NCapture, a plug-in to the Internet Explorer and Google Chrome web browsers, enables the extracting of data from the Surface Web and various online social media platforms. The extracted data is easily ingested into an NVivo project for coding and analysis. (The main social media platforms that may be accessed currently are Facebook, LinkedIn, and Twitter. The social media platforms generally have to have an application programming interface or "API" that developers may use to develop tools to access the social media platforms' data layer. Some will require authentication in order to access the data, so the service providers may rate-limit and somewhat control access to their data.)

If this was not downloaded and installed early on, it may still be added by going to QSR International’s download site for NVivo 10 for Windows add-ons. There is a version available for Macs that have the Google Chrome browser installed. There is a dedicated page for NCapture downloads.

A General Overview of the Sequence

The sequence generally goes as follows:

Using either Google Chrome or Internet Explorer (IE) web browsers (with the NCapture add-on downloaded and installed), the researcher surfs to the desired website.
He or she clicks on the NCapture icon.
He or she decides on whether to do a full page capture with ads included or just acquire the article. He or she can decide what to name the source and how to code this source (to a particular node). [Any sites captured as a page will retain their clickable links.]
He or she may also choose to add an annotation to this source.
Then, the researcher clicks Capture.
The file is then downloaded and saved to a location on the computer.
The researcher then has to open the proper NVivo project for the captured file. He or she goes to the ribbon and the External Data tab - > From Other Sources -> From NCapture.
At this time, he or she will be directed to the captures and may choose to ingest some or all of those captures into the project.
Once that import is done, the online information has been integrated with the project.
If a particular account is being “monitored” using this tool, it is possible to update matching social media datasets by having the new information integrated (during this ingestion process).

So what may be done with NCapture? What are some of the general workflow sequences? What may be asserted from some of the social media platform research?

General Workflow Sequences

Surface Web

The Surface Web is the web that is broadly accessible using a web browser. This Web consists of interconnected pages as indicated by the uniform resource locators (URLs) which point to web pages: http... These pages are hosted on web servers (computers) connected to the Internet. People have been able to extract data from web pages...and a variety of other means, including mapping http networks (the networks of interconnected websites and pages), document networks, social media account networks, and others. (These advanced sorts of queries are done with other tools than NVivo.)
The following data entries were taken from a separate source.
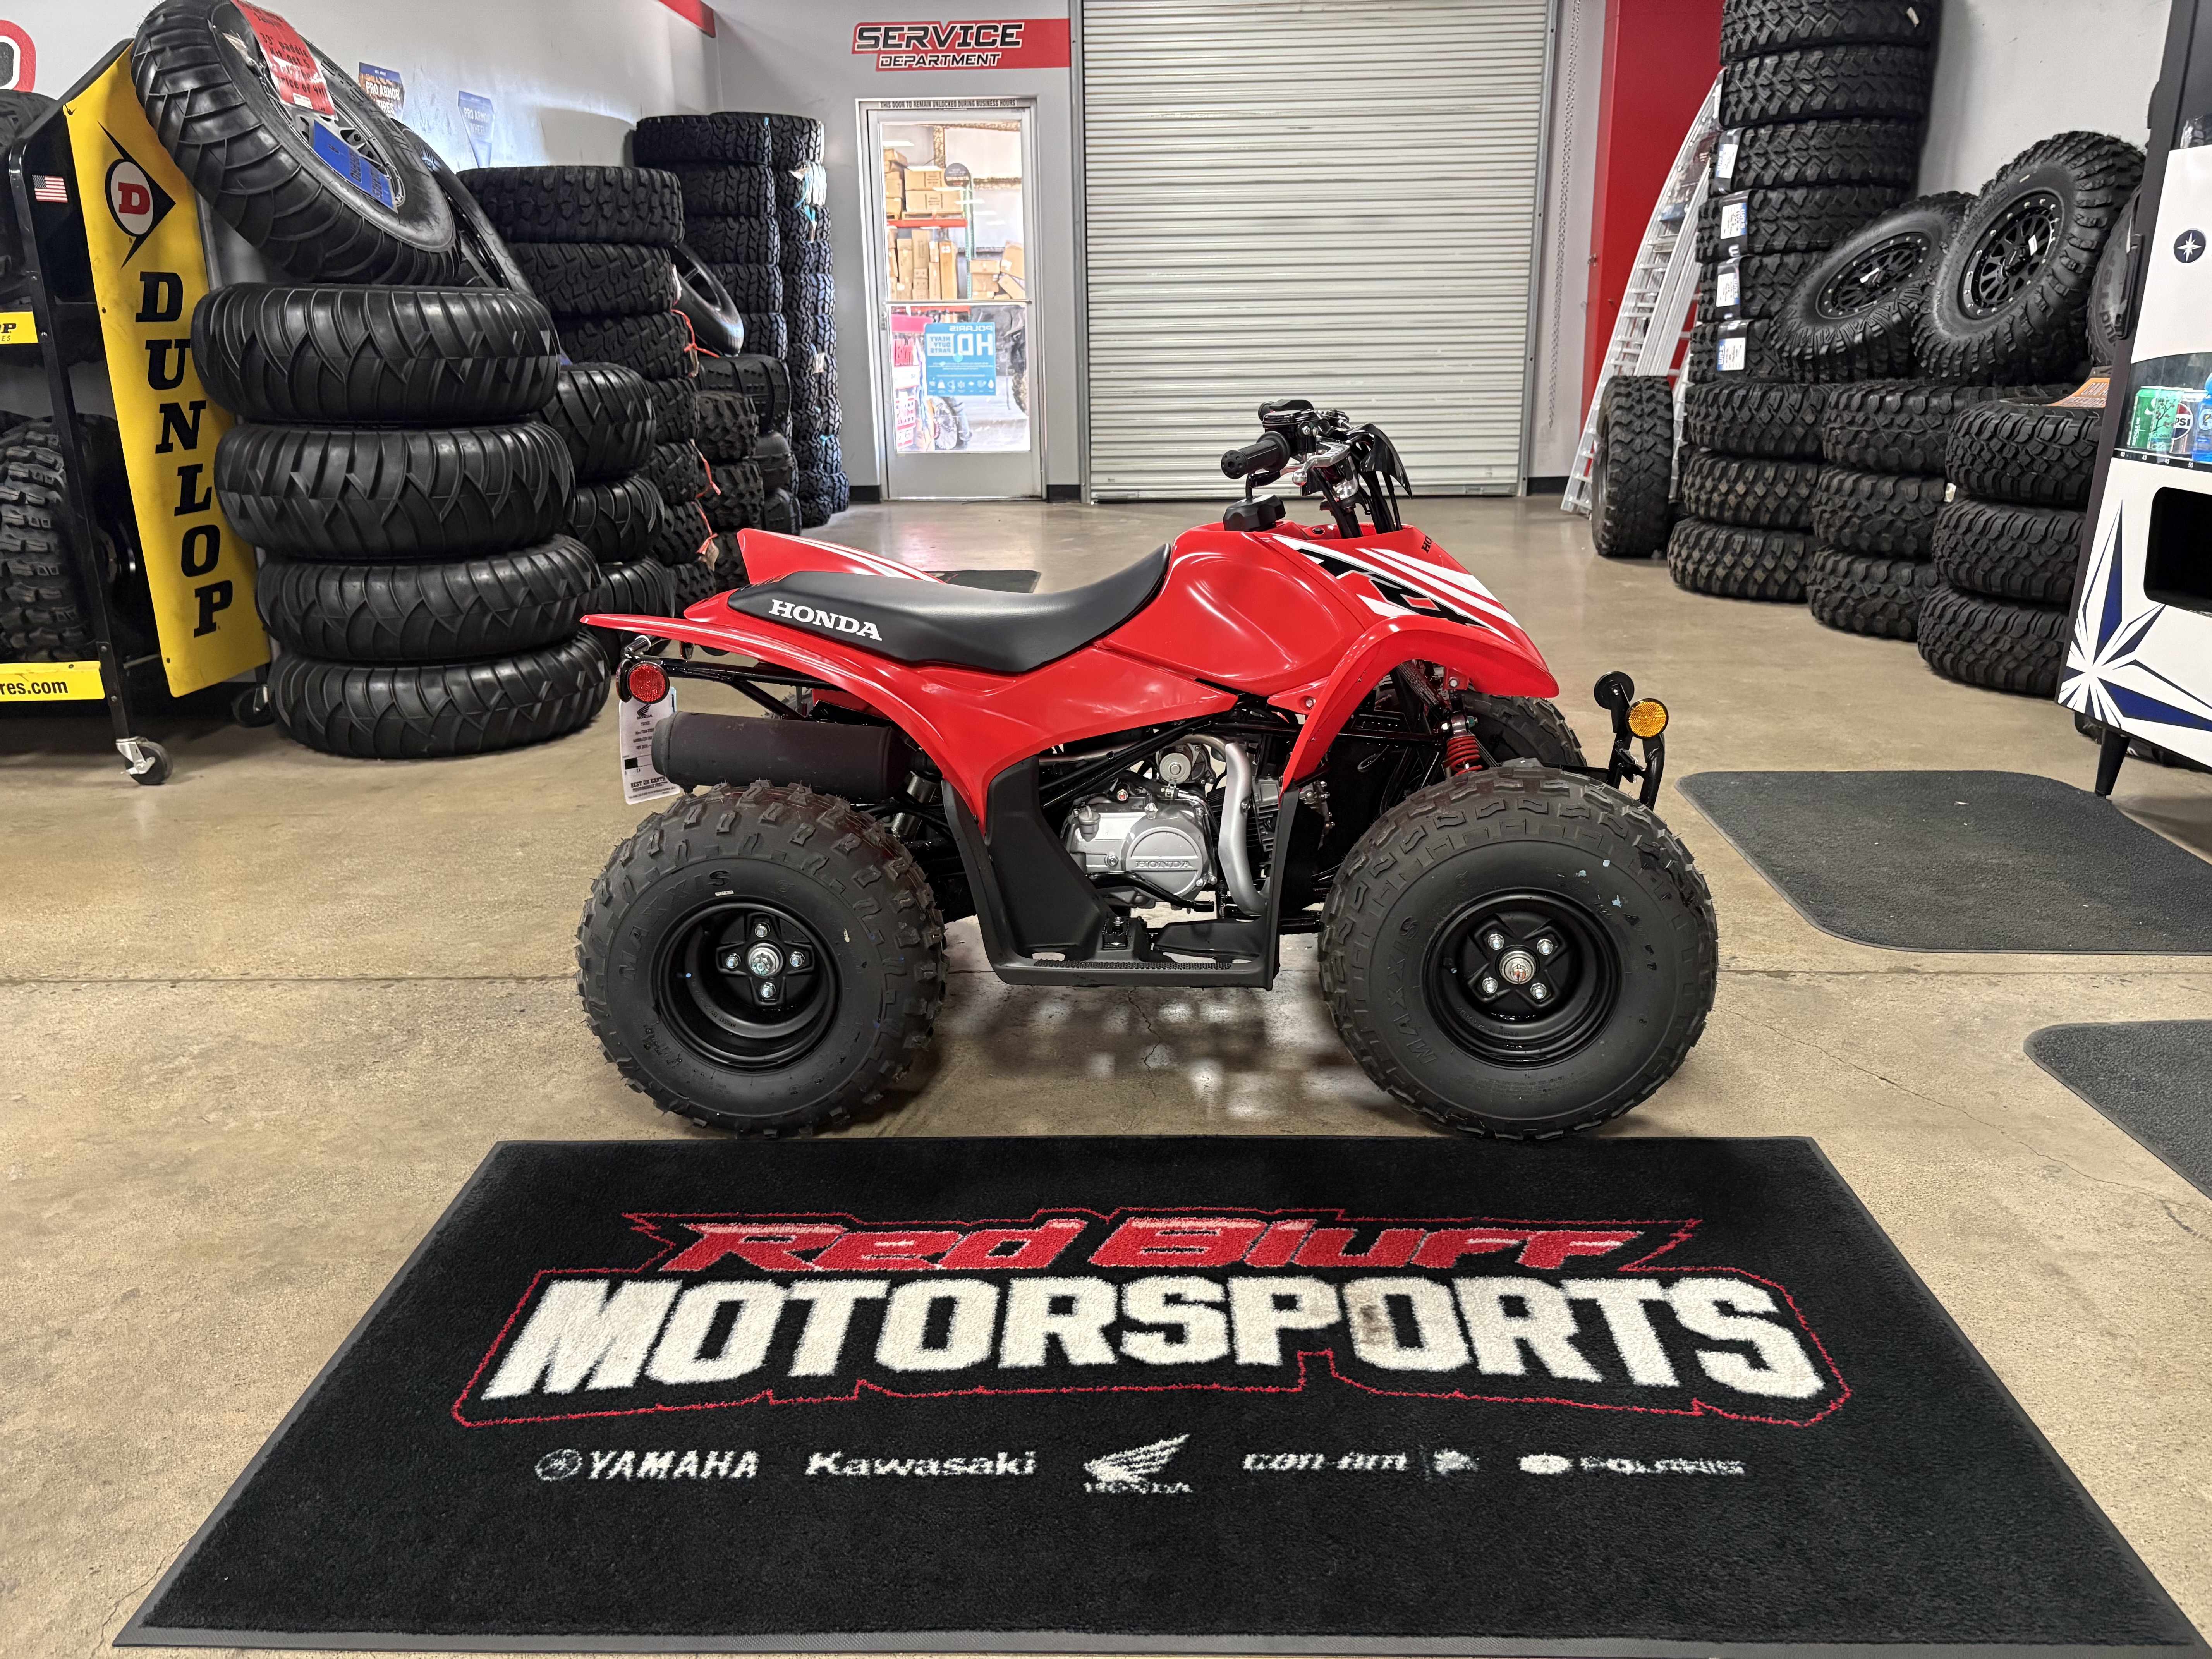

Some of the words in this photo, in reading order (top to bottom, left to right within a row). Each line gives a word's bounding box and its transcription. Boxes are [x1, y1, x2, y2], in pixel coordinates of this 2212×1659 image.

[278, 41, 309, 58] paddle
[855, 23, 1024, 51] SERVICE
[879, 52, 1002, 68] DEPARTMENT
[365, 81, 378, 95] PRO
[380, 84, 400, 101] ARMOR
[376, 99, 395, 115] TIRES
[135, 271, 233, 637] DUNLOP
[768, 599, 883, 641] HONDA
[1135, 860, 1194, 869] HONDA
[619, 870, 731, 981] MAXXIS
[1387, 915, 1437, 1064] MAXXIS
[658, 1219, 1089, 1272] Red
[481, 1275, 1825, 1400] MOTORSPORTS
[588, 1449, 759, 1480] YAMAHA
[805, 1451, 1037, 1477] Kawasaki
A general extraction from the Web may be achieved with NCapture. NCapture appears in the upper menu bar on browsers and is indicated by an orange down arrow overlaid on a round blue icon.
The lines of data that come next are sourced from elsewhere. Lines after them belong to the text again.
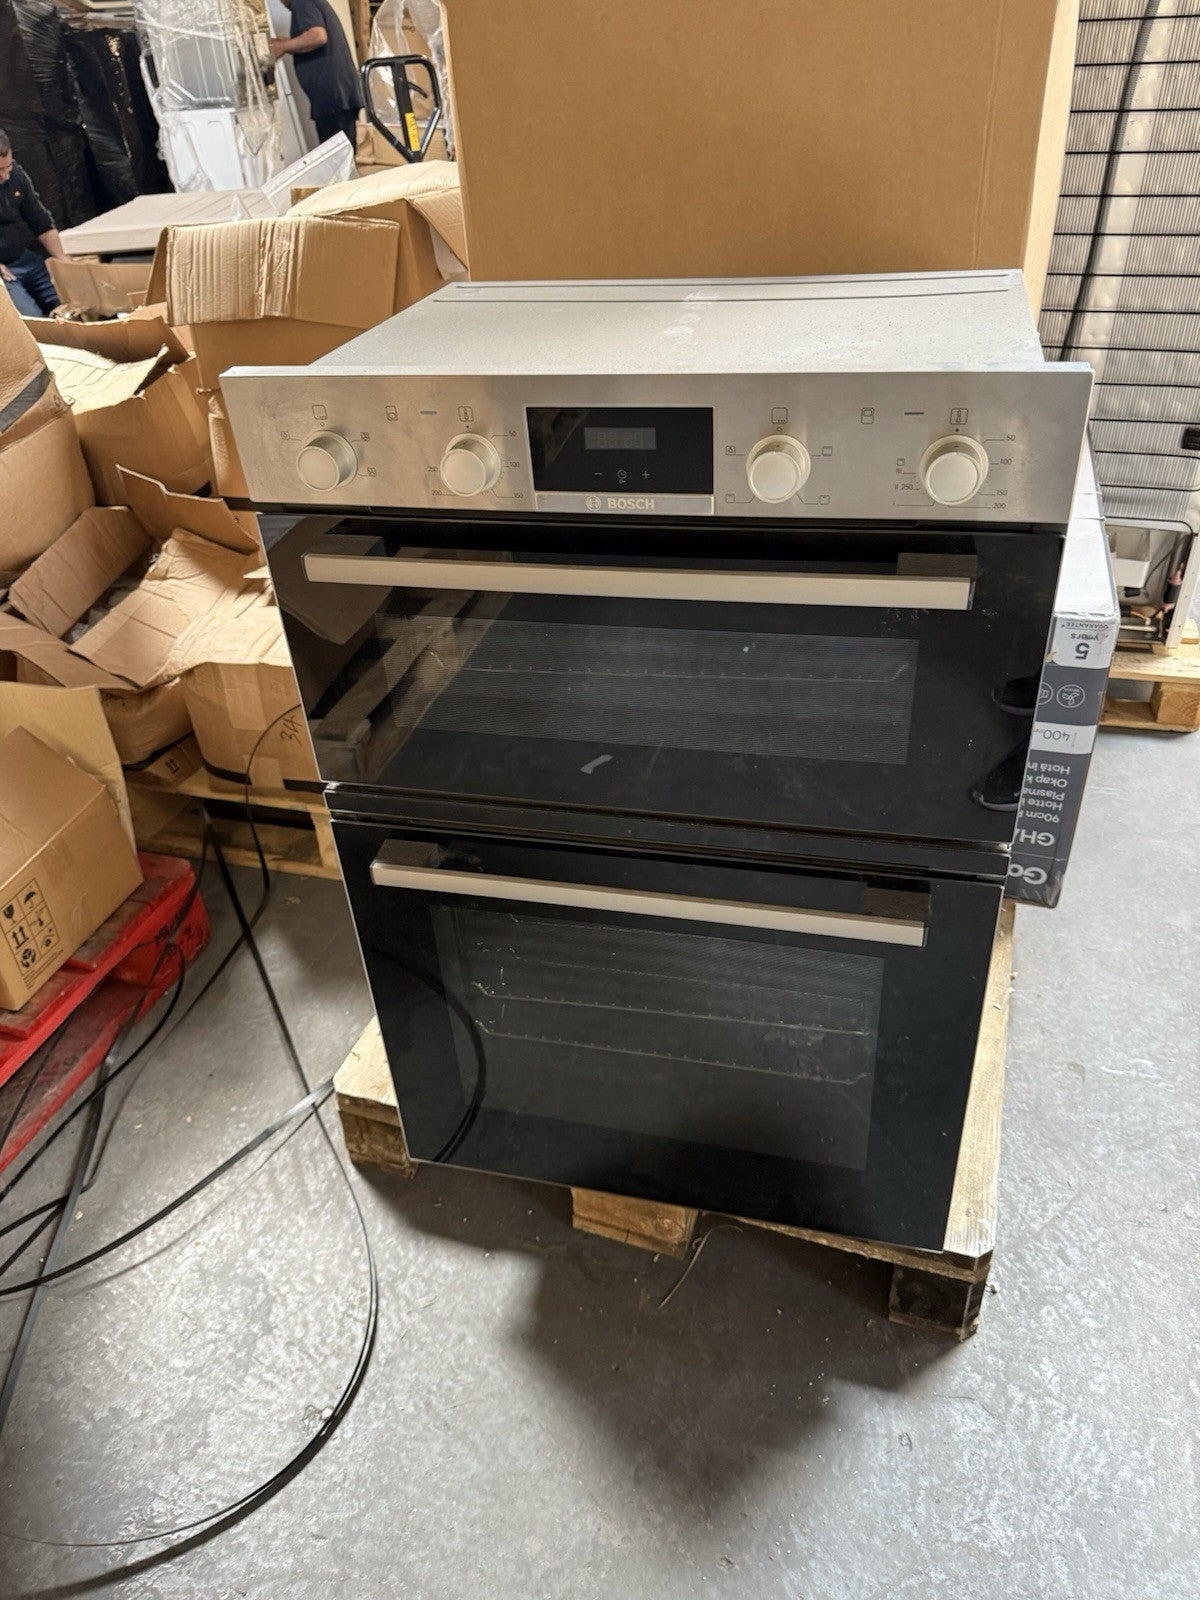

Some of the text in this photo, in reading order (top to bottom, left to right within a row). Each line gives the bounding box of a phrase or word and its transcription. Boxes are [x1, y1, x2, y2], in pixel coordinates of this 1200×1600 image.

[996, 489, 1008, 497] 150
[607, 497, 655, 510] BOSCH
[1070, 632, 1099, 641] years
[1075, 642, 1090, 660] 5
[1035, 774, 1068, 788] Okap
[1027, 797, 1063, 811] Hotte
[1025, 810, 1060, 823] 90cm
[1009, 863, 1048, 885] Go
On a website, the web page may be downloaded as a PDF (portable document format) file with advertisements intact, or it may be downloaded with only the article extracted. The downloaded file is searchable (screen reader readable) and codable (as-is all other similarly collected files).
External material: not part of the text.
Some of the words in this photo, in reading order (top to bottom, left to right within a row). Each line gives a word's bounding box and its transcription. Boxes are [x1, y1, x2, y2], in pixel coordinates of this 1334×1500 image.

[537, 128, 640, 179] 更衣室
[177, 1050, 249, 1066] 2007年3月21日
To achieve this, a researcher surfs over to the desired page (maybe with the help of a search engine). He or she clicks on the NCapture button. He or she selects "Web Page as PDF" or "Article as PDF." The "Web Page as PDF" captures the page and all side matter, including ads and side contents. The "Article as PDF" captures only the main feature piece.

Caveat. In most cases, instead of using NCapture to invest contents, it is generally better to surf to the web page, CTRL + S (save) the web page as a PDF, and then upload the page into NVivo from Data tab -> PDFs, etc. Or, based on other settings, this might be better with CTRL + P (print) to print the web page as a PDF, and then upload the page into NVivo. Going the NCapture route results in much larger files, and these can gum up the project (which has a 10 GB size limit on local computers). The less the size of the data, the more nimble your computer will be in analyzing the data...and the more data it can handle.

Make sure to eyeball the capture first. Some PDF printers capture only part of a web page, and some also have poor difficult-to-read layout. Make sure that the name of the PDF capture is informative and readable before saving. After saving, one additional piece of information should be added to the document. It may help to capture the web page address / URL and right click on the PDF and add a sticky note with the URL. The URL is not usually captured as part of a print PDF function right from the browser. In research, if a web page is used, the URL is sometimes required as part of the bibliographic citation.

YouTube

To acquire a link to a YouTube video, proceed to the YouTube site. Find the desired video. Click on the NCapture icon. Select the terms of the link acquisition, and insert the proper labels and textual information. Proceed with the acquisition. Then, ingest the link into the project.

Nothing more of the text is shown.